We make progress not just when our communities are fully represented at the table, but when we are fully represented at the building of the table—and the chairs. As we make exciting discoveries about genetic vulnerabilities and associations with eating disorders, we also need to understand whether those genes are causes of disease, or causes of the body features that get stigmatized, which then causes disease; or neither, or both.  How will we solve that riddle without involving everyone?

Most people with eating disorders have never shown up in our research, and most people with eating disorders can’t access treatment. We are only beginning to see more resources devoted to understanding the experiences of more genders, connecting people through organizations such as the National Association for Males with Eating Disorders, and Trans Folx Fighting Eating Disorders. Our treatments are inherently limited; our mostly white eating disorder organizations are like the person searching for their watch under the streetlamp because that is where the light is best.

Further away from the streetlight, there are new tables being built by people who have the lived experience of stigma, where marginalized bodies are centered, like The Body is Not an Apology, Nalgona Positivity Pride, and the Body Sovereignty Project.  Important scholarship on these issues is also emerging, like Dr. Sabrina Strings’ Fearing the Black Body: The Racial Origins of Fat Phobia.
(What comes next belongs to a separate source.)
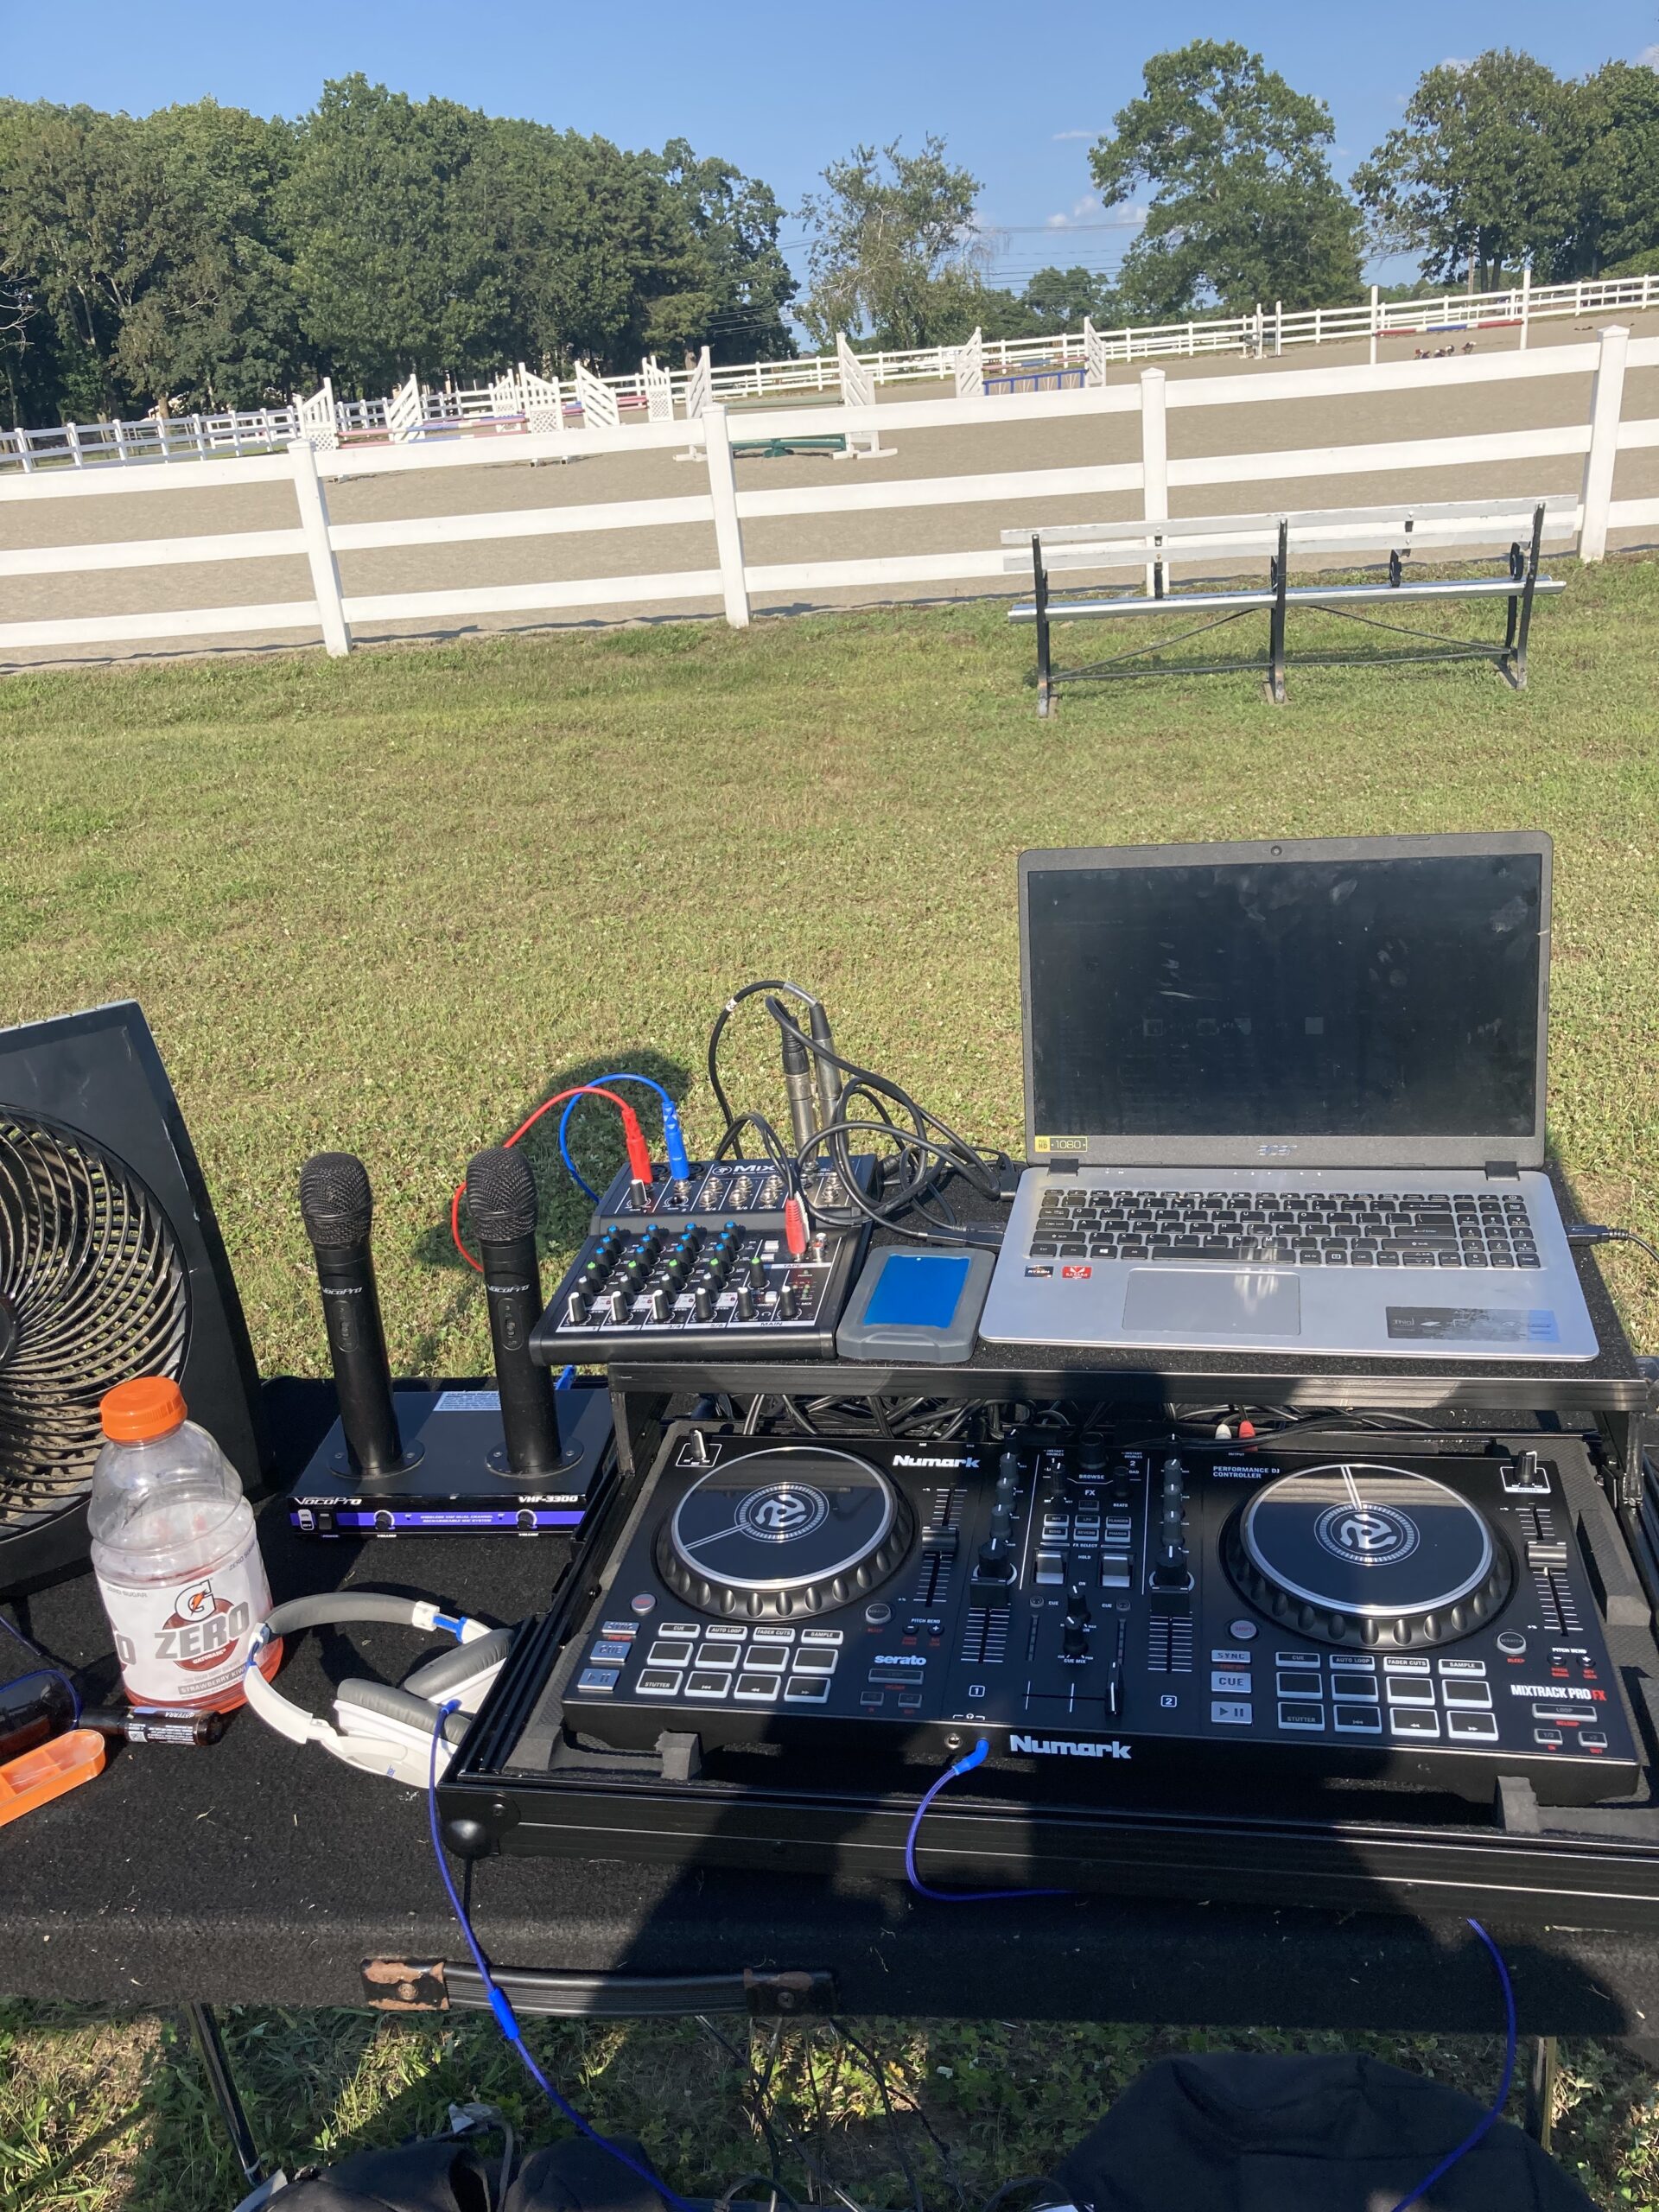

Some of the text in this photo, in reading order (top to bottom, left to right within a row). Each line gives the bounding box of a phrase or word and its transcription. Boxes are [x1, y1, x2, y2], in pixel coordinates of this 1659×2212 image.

Imagine if it was safe to be fat. Femme. Black. Trans. Disabled. Immigrant. Sick. Indigenous. Old. Queer. Imagine if our spiritual ideas embraced the sacredness of our bodies and our planet, rather than elevating some of us—and some parts of us—as more precious than others.  Without the ranking of bodies, where would eating disorder ideas take hold?  What would they organize around? What if we were already safe?

Deb Burgard, PhD, FAED, is an eating disorders specialist and activist and one of the founders of the Health at Every Size model and the Body Positive movement. She builds communities where people can find each other and the resources to resist weight stigma, especially in medical and psychological treatment.  Her activism includes working with healthcare providers to integrate an understanding of the social determinants of health and creating interventions that address structural oppression and support stigma resistance.  She can be found at conferences sparking impromptu dance parties in the pool.